Guidance for the Morgan Stanley UK Income Plan – December 2022
The Morgan Stanley UK Income Plan aims to provide a quarterly return of 2.25% paid quarterly over six years. This quarterly return is paid on the condition that, on each quarterly observation date, the closing level of the FTSE 100 index is at or above 68% and at or below 123% of its initial strike level on each quarterly observation date, paid quarterly.
The observation dates occur quarterly from 22 March 2023 to 22 December 2028.
The initial strike level for this structured product will be observed on 22 December 2022.
The capital protection for this plan is dependent on Morgan Stanley fulfilling its obligations, along with the investment being held until maturity, unless there is a prior autocall. The initial capital is used to purchase securities in Morgan Stanley that have similar characteristics to investing in corporate bonds. In the unlikely event of default, investors will be creditors of Morgan Stanley.
Morgan Stanley has been rated ‘A-‘ by Standard & Poor’s, as of 11 November 2022. Standard & Poor’s is an independent credit rating agency that uses a scale to denote creditworthiness, ranging from ‘AAA’ (highest) to ‘D’ (lowest). Issuers within the ‘A’ rating band are described by Standard & Poor’s as having strong capacity to meet their financial commitments but more susceptible to the adverse effects of changes in circumstances and economic conditions than those issuers rated ‘AAA’ or ‘AA’. Further information about ratings can be obtained via this website: www.spglobal.com/ratings/en/about/understanding-credit-ratings.

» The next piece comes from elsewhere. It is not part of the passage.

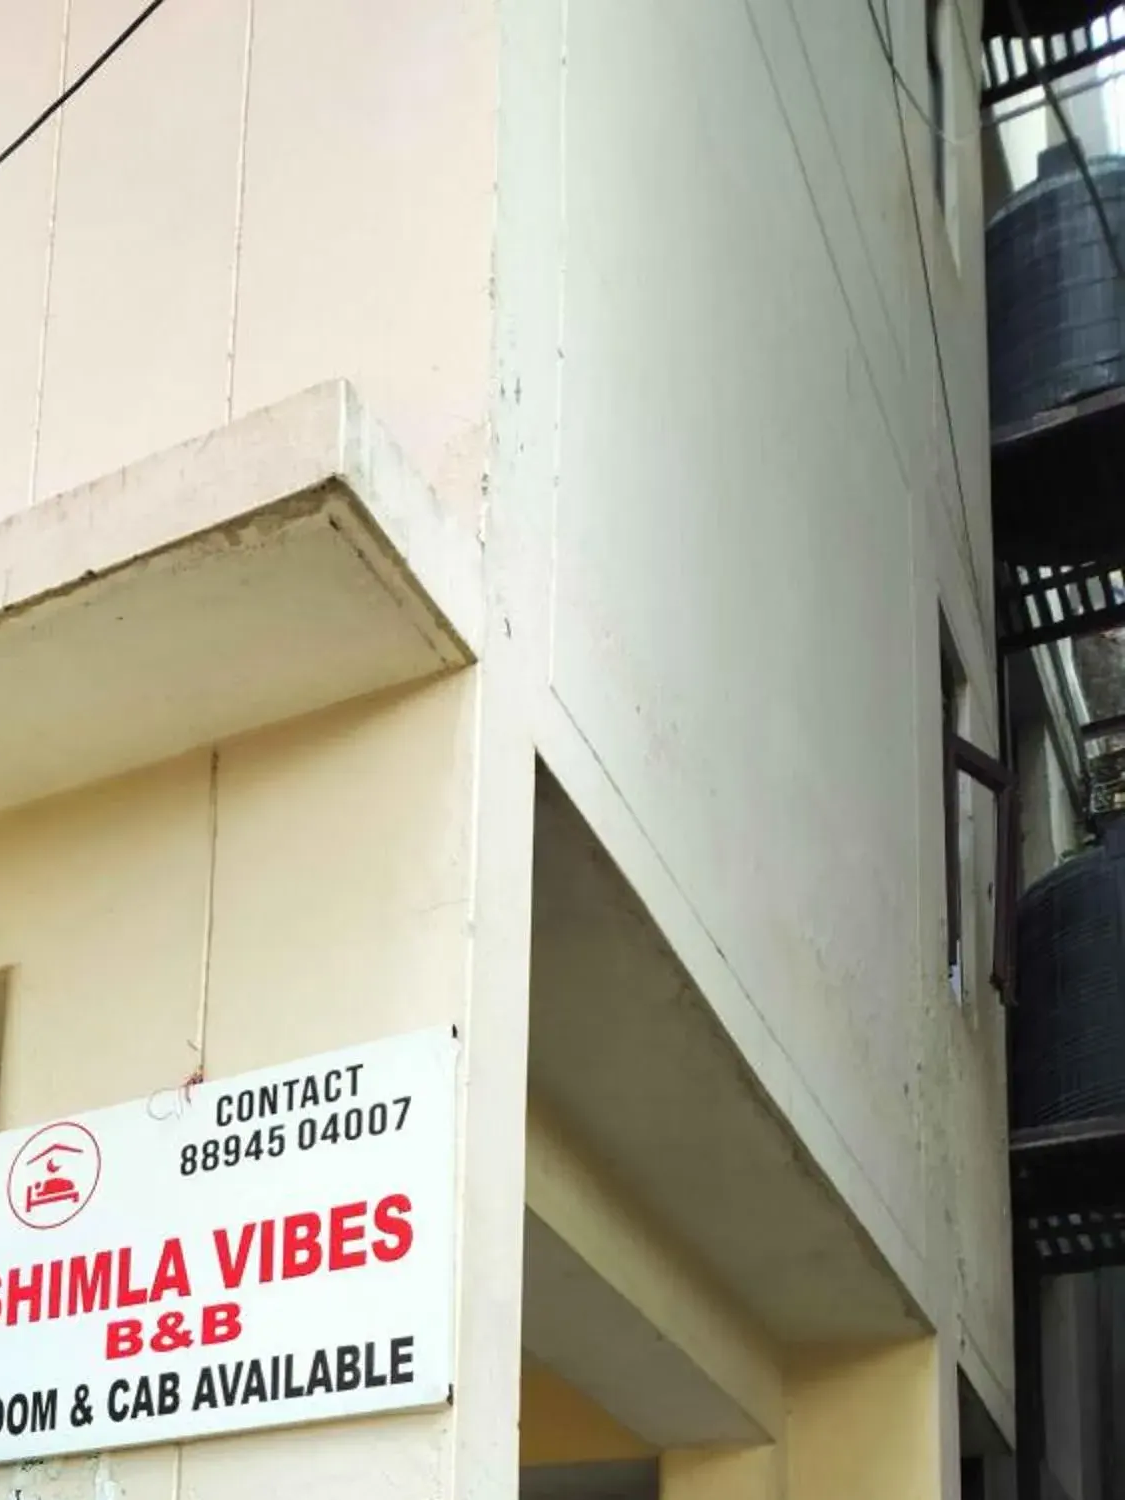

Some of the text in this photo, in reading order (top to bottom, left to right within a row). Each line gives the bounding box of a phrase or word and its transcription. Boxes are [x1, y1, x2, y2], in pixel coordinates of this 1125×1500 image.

Initial capital is not 100% secure with this structured product. If at maturity on 22 December 2028 the FTSE 100 index is below 65% of its initial level, the initial capital being returned will be reduced by any negative performance. For example, if the FTSE 100 index was 70% below its initial strike level, the initial investment would be reduced by 70%. Therefore, the return of the original capital invested is not guaranteed.
While the tax rules and rates that are used within any current recommendation to you are up to date, the rules and rates can change at any time. Mattioli Woods can accept no liability for any such changes and their potential effect on your investment. The value to you of any tax benefits will depend on your personal tax position at the relevant time.
The value of investments and the returns from them can go down as well as up and you may not get back the amount you invested. Past performance is not an indication of future returns and investments need to be considered as medium- to long-term holdings. Inflation will erode the purchasing power of your money.
There is no fixed cost for exiting this plan at maturity. Please note, if you needed to sell this plan prior to maturity, the issuing bank will endeavour to provide quotes under normal market conditions for trading purposes on request, subject to a bid-offer spread of 1%. Please ensure you read the accompanying fact sheet. Morgan Stanley has defined the holding period as ‘the recommended holding period for the product which is until 22 December 2028, corresponding to the product's maturity’. Please also read the KID in relation to this statement.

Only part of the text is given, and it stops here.